Start of Block
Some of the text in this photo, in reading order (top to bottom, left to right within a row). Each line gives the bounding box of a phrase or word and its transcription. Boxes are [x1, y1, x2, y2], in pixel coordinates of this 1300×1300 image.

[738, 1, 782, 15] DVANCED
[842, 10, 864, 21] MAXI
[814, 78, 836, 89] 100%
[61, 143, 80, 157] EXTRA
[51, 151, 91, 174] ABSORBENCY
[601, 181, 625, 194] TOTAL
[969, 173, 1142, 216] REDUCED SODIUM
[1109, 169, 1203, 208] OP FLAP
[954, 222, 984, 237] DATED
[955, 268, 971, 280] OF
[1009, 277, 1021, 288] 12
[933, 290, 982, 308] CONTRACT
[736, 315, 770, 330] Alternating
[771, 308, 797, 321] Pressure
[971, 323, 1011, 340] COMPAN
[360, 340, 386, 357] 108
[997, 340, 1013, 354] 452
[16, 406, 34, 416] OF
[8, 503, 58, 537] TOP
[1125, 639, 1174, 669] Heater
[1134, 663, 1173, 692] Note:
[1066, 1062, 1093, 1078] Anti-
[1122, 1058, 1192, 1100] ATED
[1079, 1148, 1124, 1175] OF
End of Block
> **What you need to do**:
Return the listing above word for word.

> **Answer section**:
Some of the text in this photo, in reading order (top to bottom, left to right within a row). Each line gives the bounding box of a phrase or word and its transcription. Boxes are [x1, y1, x2, y2], in pixel coordinates of this 1300×1300 image.

[738, 1, 782, 15] DVANCED
[842, 10, 864, 21] MAXI
[814, 78, 836, 89] 100%
[61, 143, 80, 157] EXTRA
[51, 151, 91, 174] ABSORBENCY
[601, 181, 625, 194] TOTAL
[969, 173, 1142, 216] REDUCED SODIUM
[1109, 169, 1203, 208] OP FLAP
[954, 222, 984, 237] DATED
[955, 268, 971, 280] OF
[1009, 277, 1021, 288] 12
[933, 290, 982, 308] CONTRACT
[736, 315, 770, 330] Alternating
[771, 308, 797, 321] Pressure
[971, 323, 1011, 340] COMPAN
[360, 340, 386, 357] 108
[997, 340, 1013, 354] 452
[16, 406, 34, 416] OF
[8, 503, 58, 537] TOP
[1125, 639, 1174, 669] Heater
[1134, 663, 1173, 692] Note:
[1066, 1062, 1093, 1078] Anti-
[1122, 1058, 1192, 1100] ATED
[1079, 1148, 1124, 1175] OF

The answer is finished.